I asked God to mark my lips. That only words that were pleasing and uplifting would be spoken (Ephesians 4:29). I asked that He would please lead because my will is fallible. His will is infallible.
We arrived on Saturday morning after a two hour drive. She eagerly met us on the front porch. My girl. No, my beautiful daughter turned into a lovely young woman in just 60 days. "Don't cry. She hates that." I told myself.
We loaded her things and drove the 5 mile trek to the beach. She showed us her running route. We stopped at Mellow Mushroom for gluten free pizza ( highly recommend). We went into my husbands favorite clothing store. Our oldest daughter was looking for a college graduation dress. I pulled some things out for my youngest. I stopped. I can no longer manipulate behavior by buying her things. She read my mind. "Mama, it's okay. I've destroyed y'all's trust. It will take time. I understand". "Don't cry. She hates that" I told myself.
We only had her for 24 hours. She had earned an overnight. Seventeen kids had been kicked out of the program she's participating in. She had hung in there. Made extraordinary progress despite the odds. She was rewarded with an overnight trip home. Praise God.
We had a family dinner at Granny's. Granddaddy prepared her favorite roast. We held hands to say the blessing. She led "Thank you God for this time together and for this food. Thank you for family. Please bless our words that they may be uplifting". Thank you, Lord for hearing me. Thank you Father for leading.
Saturday night we talked and we listened. She allowed us to ask questions. And she answered questions about her new life. We laughed. It was comfortable. And it felt like home. I was trying desperately not to be too preachy. It was hard. It's the fabric of who I am. Out of the blue she told her Daddy and me "I'm going to have a great testimony. No, actually I have an incredible testimony". Yes, darling you most certainly do! "Please don't cry she hates that." I told myself.
Before I went to sleep I looked into her childhood bedroom. The one I desperately want to redecorate. Pictures of her boyfriend, her ponies, her boarding school friends, and college sorority sisters grace her bookshelves. Left untouched since her departure. Pictures of the life that once was. The bedroom she insists stay the same. She was snoring softly. Her childhood dog,Tucker the corgi, was joyfully standing watch beside her bed. All was calm. Thank you, Lord. "Please don't cry she hates that" I told myself.
Sunday morning I made her favorite breakfast. My grown girls showed up to the table in matching clothing. Deja vu. They were in high school again. Life was innocent. Unmarred. Please God make time stand still. I squeezed my husbands hand as we blessed our meal.
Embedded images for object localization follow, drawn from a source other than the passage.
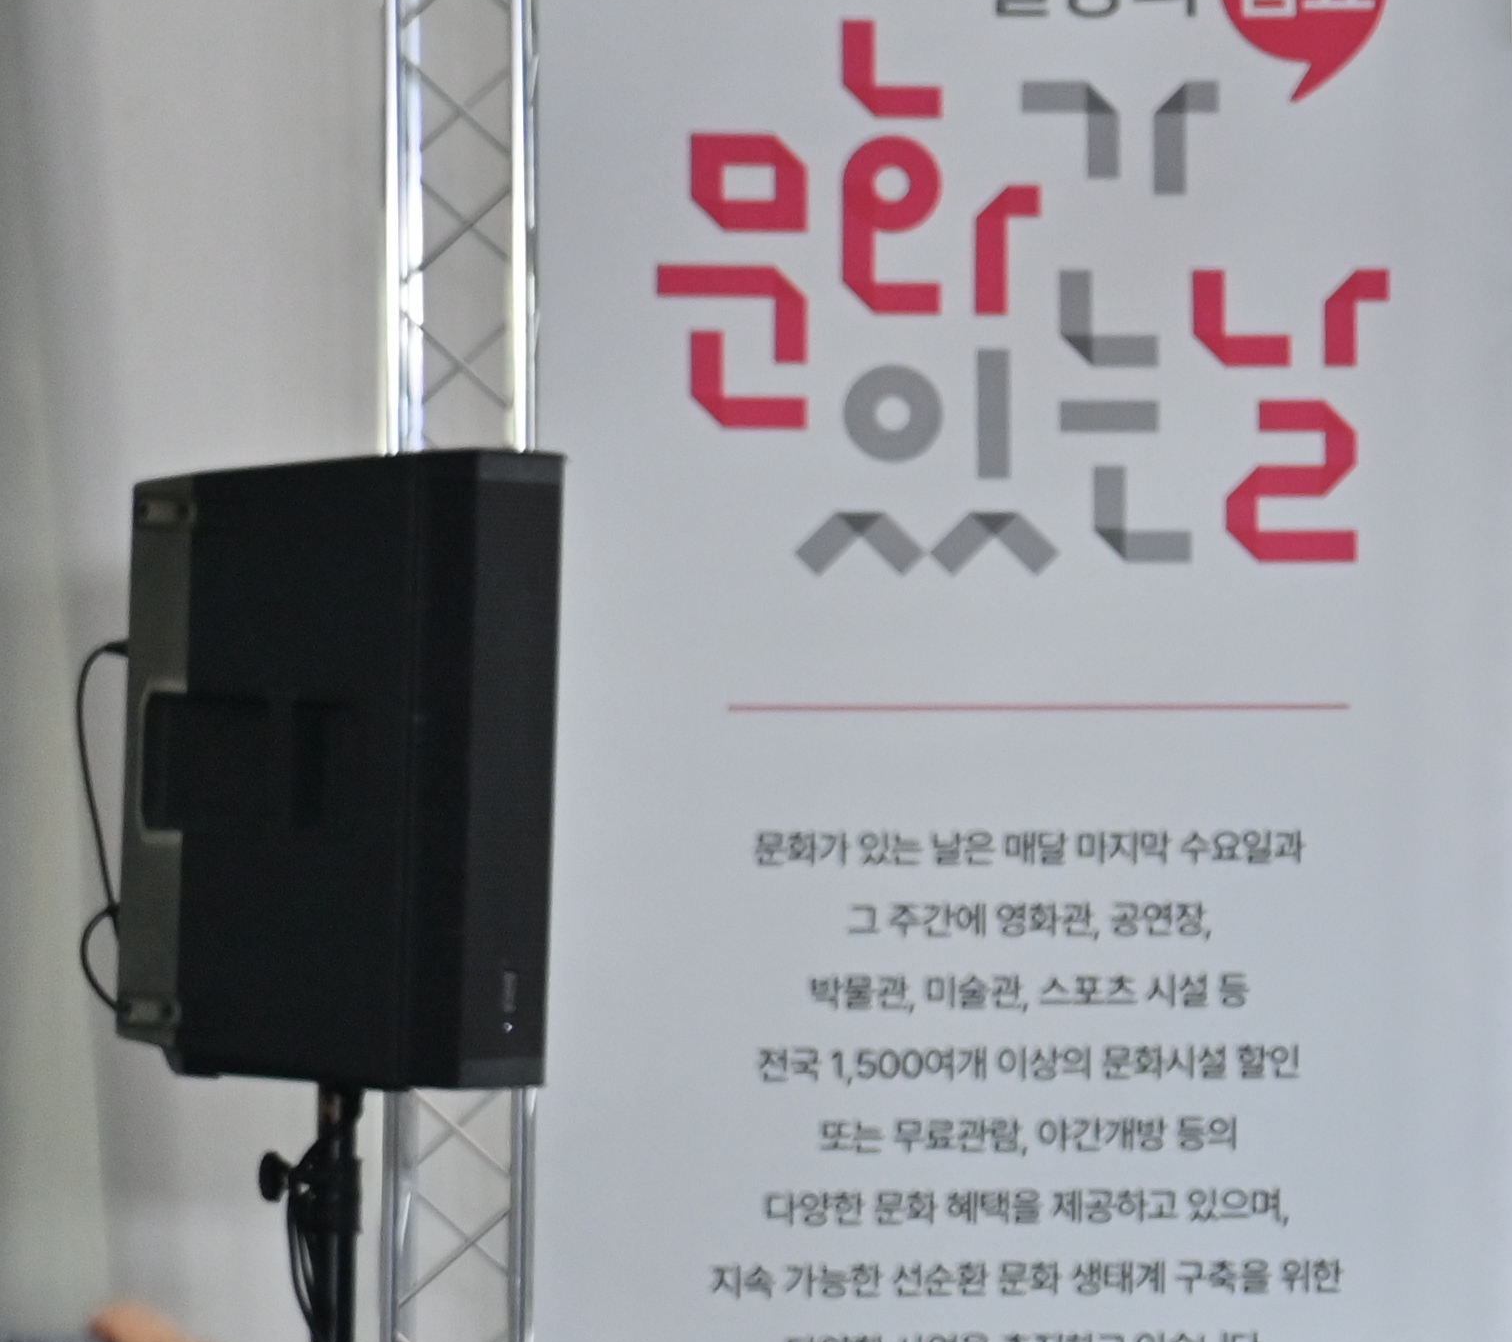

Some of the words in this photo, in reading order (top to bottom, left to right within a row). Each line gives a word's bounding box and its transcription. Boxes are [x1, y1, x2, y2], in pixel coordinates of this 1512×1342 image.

[656, 19, 1219, 430] 문화가
[1192, 269, 1390, 563] 날
[754, 830, 850, 867] 문화가
[857, 830, 924, 867] 있는
[930, 830, 996, 867] 날은
[1003, 830, 1069, 867] 매달
[1075, 829, 1172, 866] 마지막
[1179, 829, 1306, 866] 수요일과
[847, 903, 880, 935] 그
[887, 902, 987, 938] 주간에
[994, 901, 1100, 942] 영화관,
[1109, 901, 1212, 942] 공연장,
[807, 973, 915, 1015] 박물관,
[923, 973, 1029, 1014] 미술관,
[1039, 974, 1138, 1008] 스포츠
[1145, 972, 1208, 1009] 시설
[1217, 972, 1250, 1009] 등
[756, 1046, 822, 1083] 전국
[830, 1045, 987, 1088] 1,500여개
[996, 1045, 1091, 1082] 이상의
[1101, 1044, 1227, 1081] 문화시설
[1237, 1043, 1299, 1080] 할인
[819, 1117, 884, 1155] 또는
[892, 1115, 1028, 1157] 무료관람,
[1036, 1116, 1167, 1153] 야간개방
[1175, 1115, 1237, 1152] 등의
[762, 1190, 863, 1228] 다양한
[874, 1190, 938, 1226] 문화
[945, 1188, 1042, 1225] 혜택을
[1050, 1188, 1178, 1225] 제공하고
[1186, 1187, 1289, 1228] 있으며,
[709, 1263, 776, 1300] 지속
[783, 1262, 882, 1299] 가능한
[891, 1261, 989, 1298] 선순환
[997, 1260, 1061, 1297] 문화
[1069, 1259, 1166, 1297] 생태계
[1174, 1258, 1272, 1296] 구축을
[1280, 1258, 1344, 1294] 위한
I tried to soak it all in. "Please don't cry she hates that" I told myself.
We had house church that afternoon and she had to be back for curfew. She helped her Daddy with the dishes. He helped pack up her Spring clothes to take back. We called her into our bedroom. We told her what an absolute joy it was having her home. We told her how proud we are of her. Her Dad told her the rules are still the same. Continue to work the program. There are no do-overs. You abuse again and you are on the street. "Please don't cry she hates that" I told myself.
We loaded the car. She hugged me first. And she held on tight. "I love you, Mama. Thank you." She and her older sister got in the car. And just like that they were gone. "Please don't cry she hates that" I told myself.
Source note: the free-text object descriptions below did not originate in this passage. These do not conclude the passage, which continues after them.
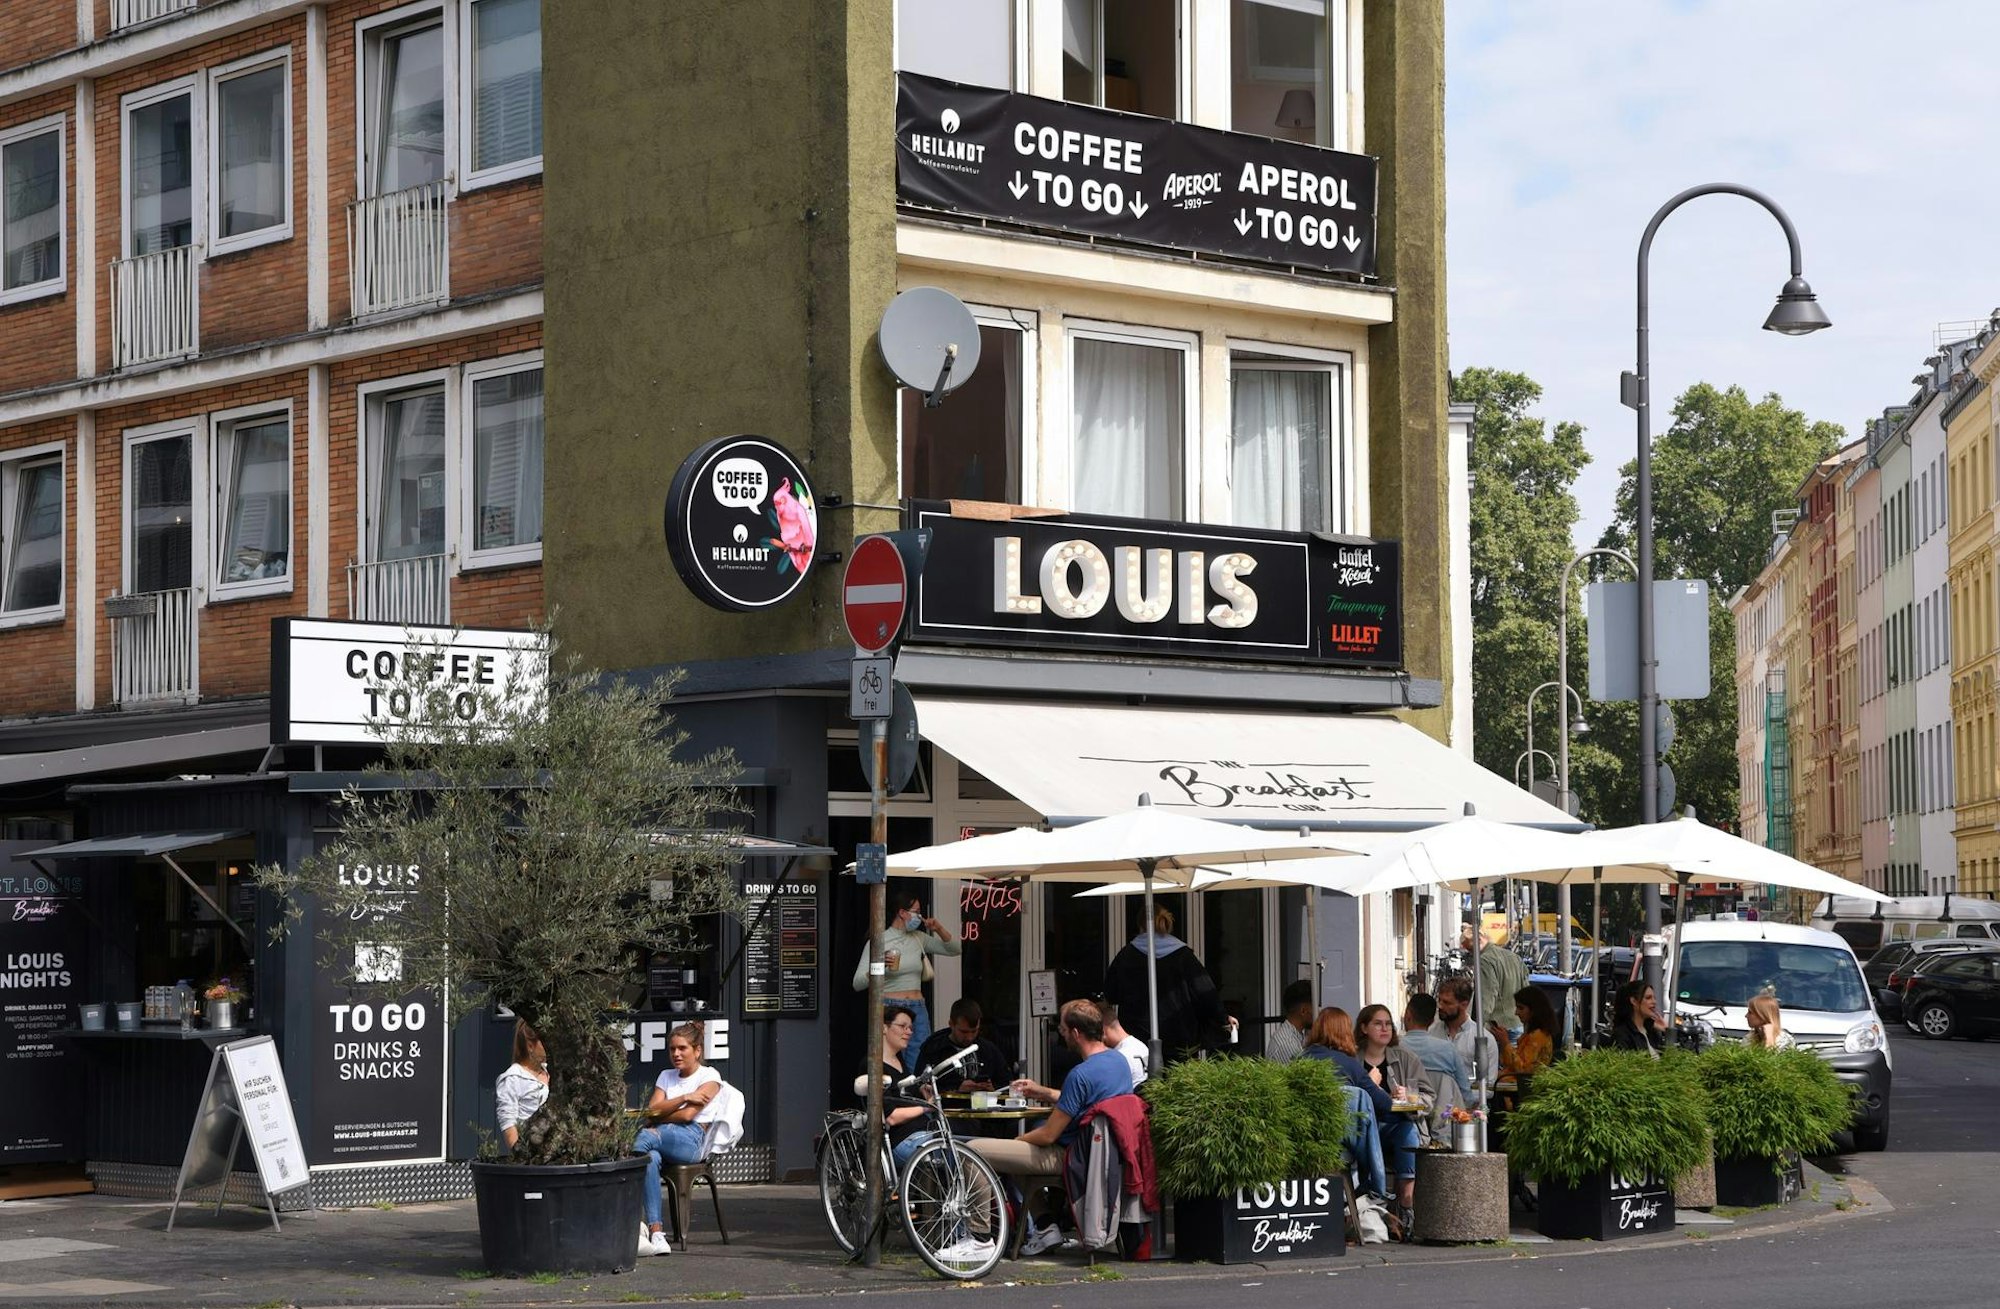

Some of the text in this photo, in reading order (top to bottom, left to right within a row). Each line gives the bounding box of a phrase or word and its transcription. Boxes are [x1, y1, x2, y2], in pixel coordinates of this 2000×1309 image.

[911, 133, 986, 164] HEILANDT
[1014, 121, 1143, 175] COFFEE
[918, 157, 980, 175] Kaffeemanufaktur
[1032, 169, 1124, 216] TO GO
[1162, 172, 1222, 201] APEROL
[1238, 162, 1357, 211] APEROL
[1183, 199, 1202, 210] 1919
[1255, 207, 1339, 250] TO GO
[717, 470, 763, 486] COFFEE
[722, 485, 758, 500] TO GO
[712, 546, 770, 562] HEILANDT
[1338, 546, 1374, 568] Gaffel
[994, 536, 1259, 629] LOUIS
[1338, 567, 1374, 587] Kölsch
[1331, 623, 1382, 645] LILLET
[345, 649, 495, 685] COFFEE
[363, 687, 412, 719] TO
[863, 697, 878, 711] frei
[1158, 765, 1375, 808] Breakfast
[338, 864, 420, 886] LOUIS
[786, 884, 800, 894] TO
[802, 884, 817, 894] GO
[12, 900, 64, 922] Breakfast
[8, 952, 65, 970] LOUIS
[0, 970, 72, 989] NIGHTS
[329, 1002, 426, 1033] TO GO
[333, 1040, 421, 1060] DRINKS &
[339, 1061, 415, 1081] SNACKS
[333, 1128, 419, 1140] WWW.LOUIS-BREAKFAST.DE
[1236, 1178, 1331, 1210] LOUIS
[1619, 1199, 1663, 1230] Breakfast
[1251, 1219, 1323, 1253] Breakfast
I hugged my husband as they pulled out of the driveway. "That was hard. She was a pleasure" he said. I went inside and wept. Not the agonizing sorrowful ugly crying that I had done the night we left her on the porch several weeks before. These were tears of joy. And tears of sadness too. Utter joy seeing the remarkable change God is doing in her life. Tears of sadness because quite frankly I adore her. I miss her. It's always a dull ache. Tears of apprehension. Was this real or just an act to appease us? Tears of pride. If it's real? wow, how remarkable she is.
If Christ was able to overcome the cross? Our girl can overcome all odds, right? We continue to be amazed by His mercy. His grace. As parents this is as real as it gets. This is truly tough love. We are having to walk what we are preaching. And it is so hard. Yet I know Gods plan for this child is a mighty one.
This weekend I saw hope. Kindness. Thoughtfulness. Honesty. Thankfulness. Forgiveness. Maturity. Not in words but in actions. I watched two sisters, who love each other immensely , reconnect. Forgive without words. I saw a glimmer of who God says my daughter is.
There are no guarantees. In fact the statistics are clearly stacked against her. That she will relapse. And quite frankly it is early. But there is hope. "Cautious optimism" as my husband likes to say. But I still believe in miracles. I believe in my daughter. I am choosing to believe God is able. No, actually I must believe that God is able.